Here we illustrate the use of the gDNAx package for producing different diagnostics and how do they reveal different gDNA contamination levels. We use a subset of the data in (Li et al. 2022), which consists of 9 paired-end samples of total RNA-seq with increasing levels of gDNA contamination: 0% (no contamination), 1% and 10%, with 3 replicates each. The data is available through the Bioconductor experiment data package gDNAinRNAseqData, which allows one to download 9 BAM files, containing about 100,000 alignments, sampled uniformly at random from the complete BAM files.
library(gDNAinRNAseqData)
# Retrieve BAM files
bamfiles <- LiYu22subsetBAMfiles()
bamfiles
[1] "/home/biocbuild/bbs-3.20-bioc/tmpdir/RtmpxfsbKo/s32gDNA0.bam"
[2] "/home/biocbuild/bbs-3.20-bioc/tmpdir/RtmpxfsbKo/s33gDNA0.bam"
[3] "/home/biocbuild/bbs-3.20-bioc/tmpdir/RtmpxfsbKo/s34gDNA0.bam"
[4] "/home/biocbuild/bbs-3.20-bioc/tmpdir/RtmpxfsbKo/s26gDNA1.bam"
[5] "/home/biocbuild/bbs-3.20-bioc/tmpdir/RtmpxfsbKo/s27gDNA1.bam"
[6] "/home/biocbuild/bbs-3.20-bioc/tmpdir/RtmpxfsbKo/s28gDNA1.bam"
[7] "/home/biocbuild/bbs-3.20-bioc/tmpdir/RtmpxfsbKo/s23gDNA10.bam"
[8] "/home/biocbuild/bbs-3.20-bioc/tmpdir/RtmpxfsbKo/s24gDNA10.bam"
[9] "/home/biocbuild/bbs-3.20-bioc/tmpdir/RtmpxfsbKo/s25gDNA10.bam"
# Retrieve information on the gDNA concentrations of each BAM file
pdat <- LiYu22phenoData(bamfiles)
pdat
gDNA
s32gDNA0 0
s33gDNA0 0
s34gDNA0 0
s26gDNA1 1
s27gDNA1 1
s28gDNA1 1
s23gDNA10 10
s24gDNA10 10
s25gDNA10 10
Diagnosing the presence of gDNA contamination requires using an annotation
of genes and transcripts.

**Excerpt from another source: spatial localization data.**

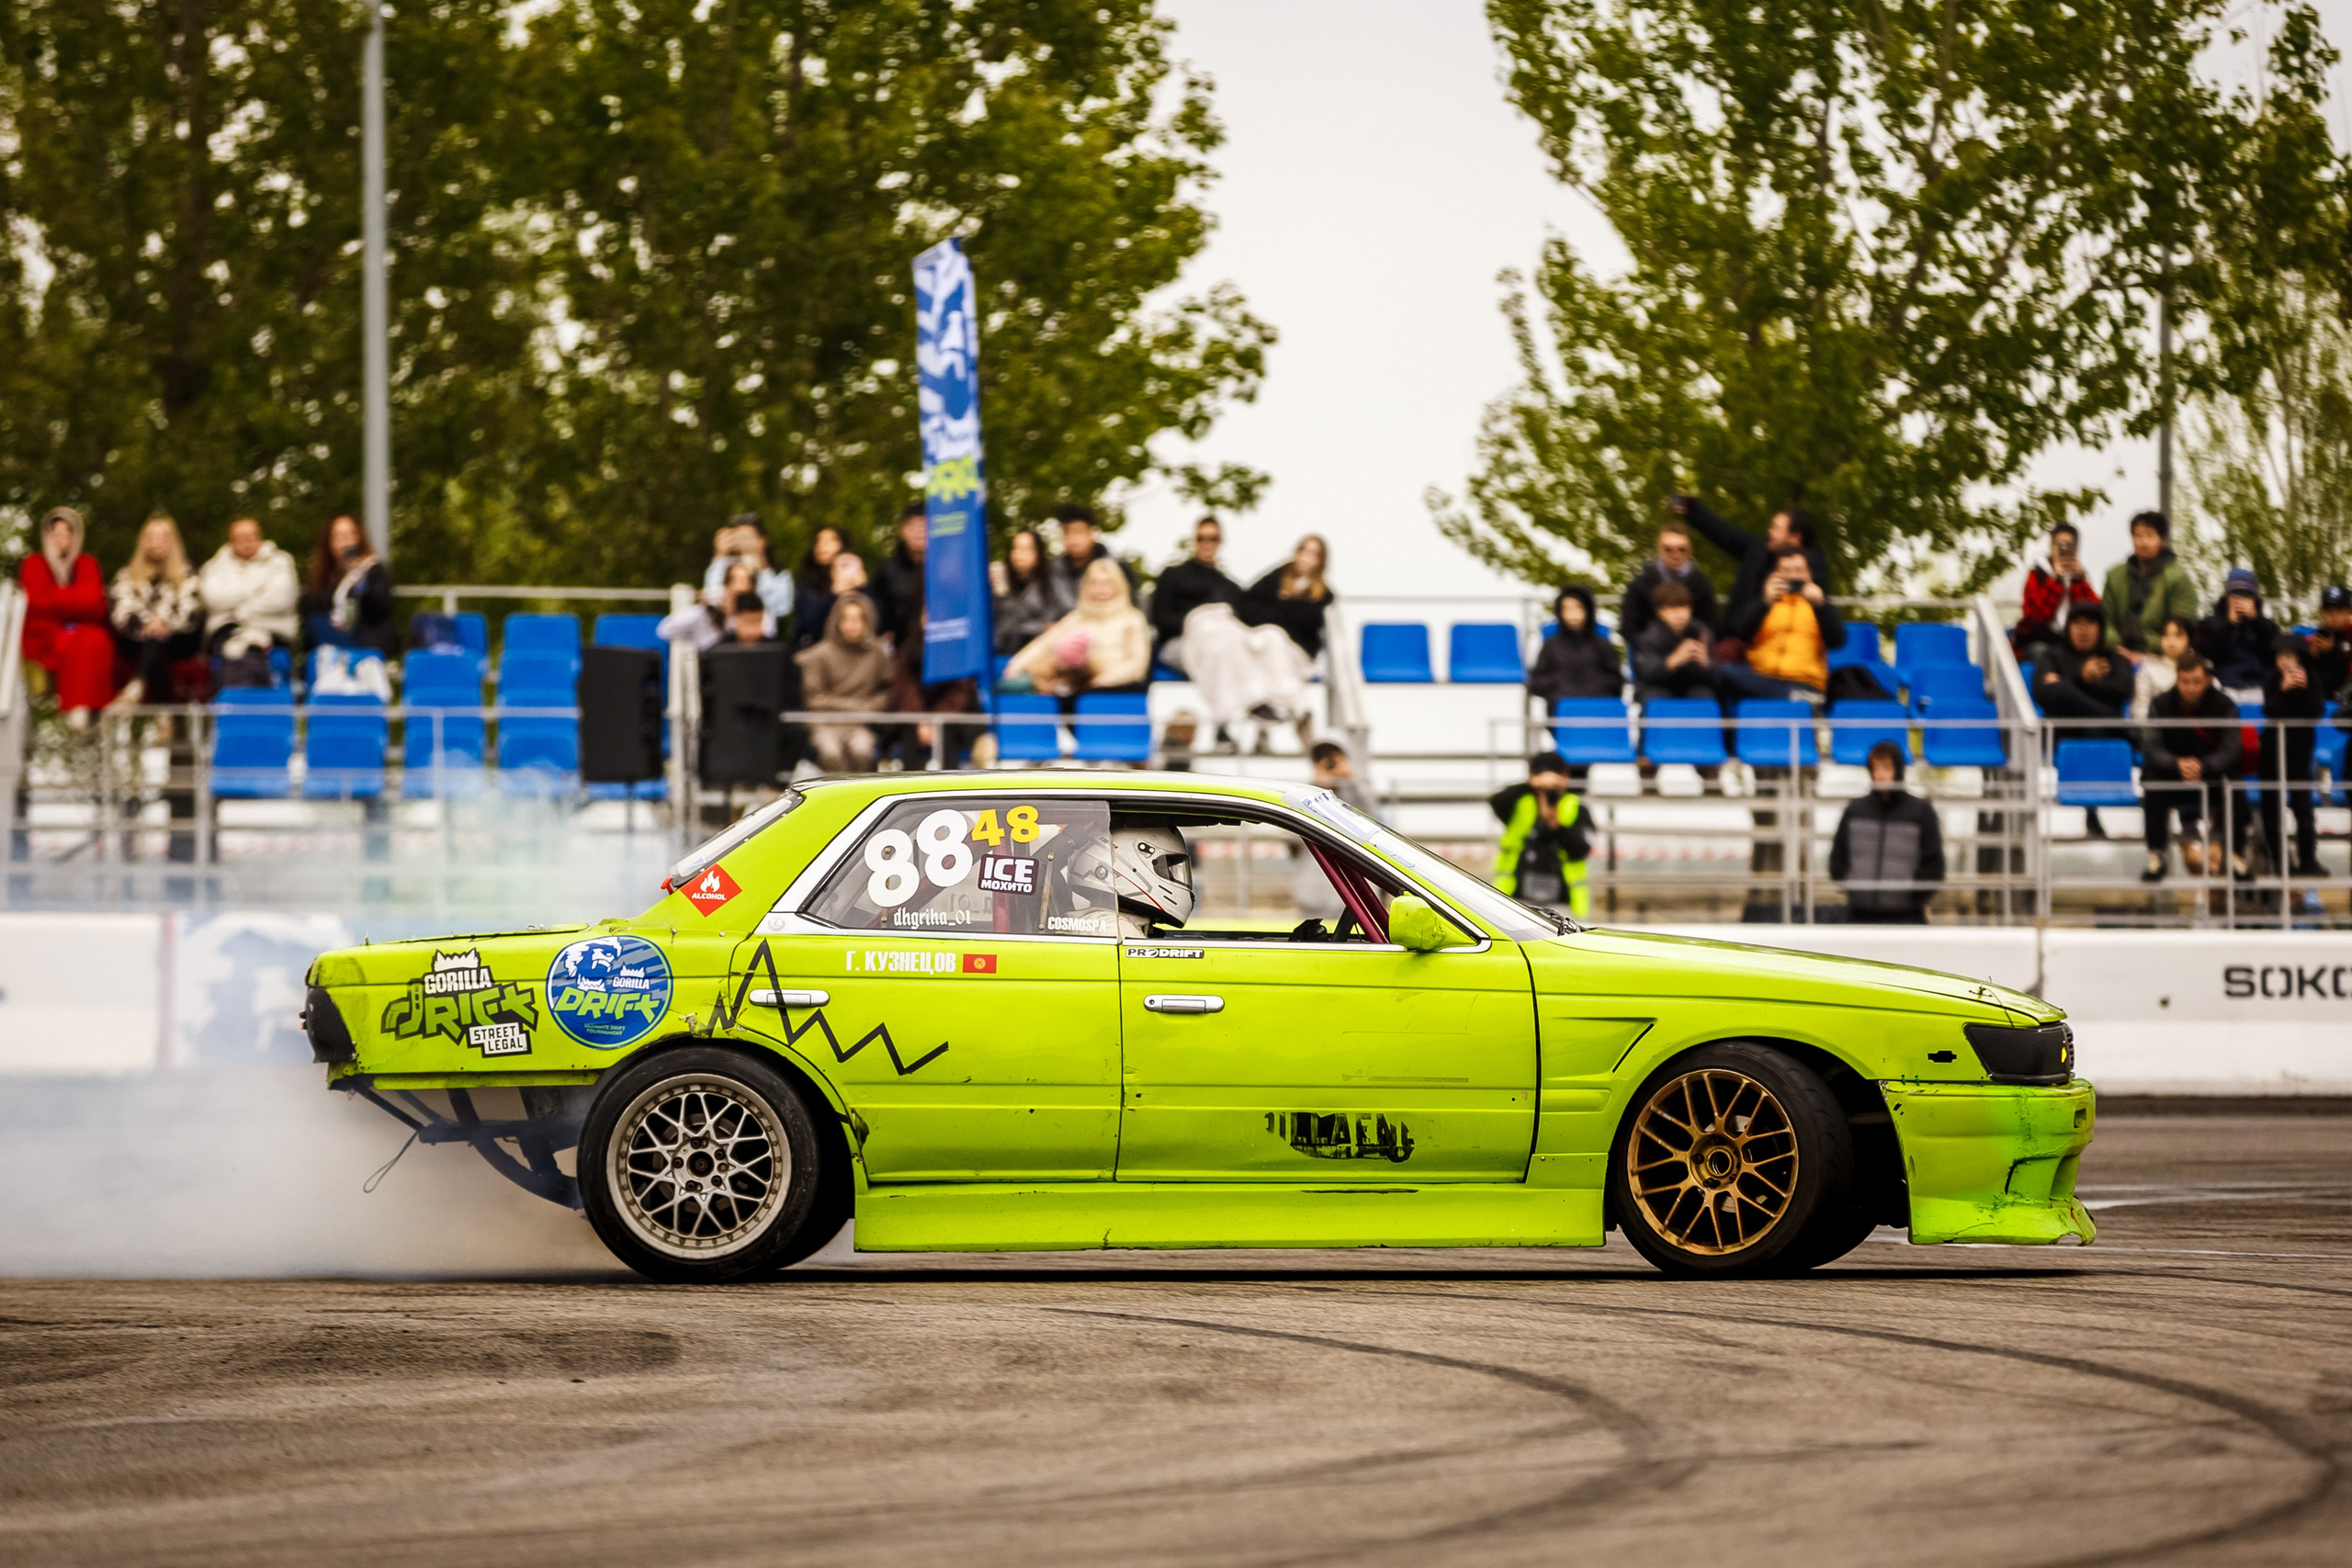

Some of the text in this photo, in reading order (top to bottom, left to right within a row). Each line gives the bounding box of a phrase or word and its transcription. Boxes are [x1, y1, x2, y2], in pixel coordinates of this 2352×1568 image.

[971, 806, 1040, 847] 48
[984, 857, 1035, 883] ICE
[980, 879, 1033, 893] МОХИТО
[692, 892, 727, 900] ALCOHOL
[1047, 917, 1107, 932] COSMOSPA
[846, 951, 956, 975] Г. КУЗНЕЦОВ
[424, 968, 492, 994] GORILLA
[612, 976, 650, 989] GORILLA
[474, 1025, 516, 1041] STREET
[488, 1037, 524, 1052] LEGAL

The gDNAx
package expects that we provide such an annotation using a so-called TxDb
package, either as a TxDb
object, created once such a package is loaded into
the R session, or by specifying the name of the package. The Bioconductor
website
provides a number of TxDb
packages, but if the we do not find the one we are
looking for, we can build a TxDb
object using the function makeTxDbFromGFF()
on a given GFF or
GTF file, or any of the
other makeTxDbFrom*()
functions, available in the
GenomicFeatures package.
Here we load the TxDb
package corresponding to the GENCODE annotation provided
by the UCSC Genome Browser.
library(TxDb.Hsapiens.UCSC.hg38.knownGene)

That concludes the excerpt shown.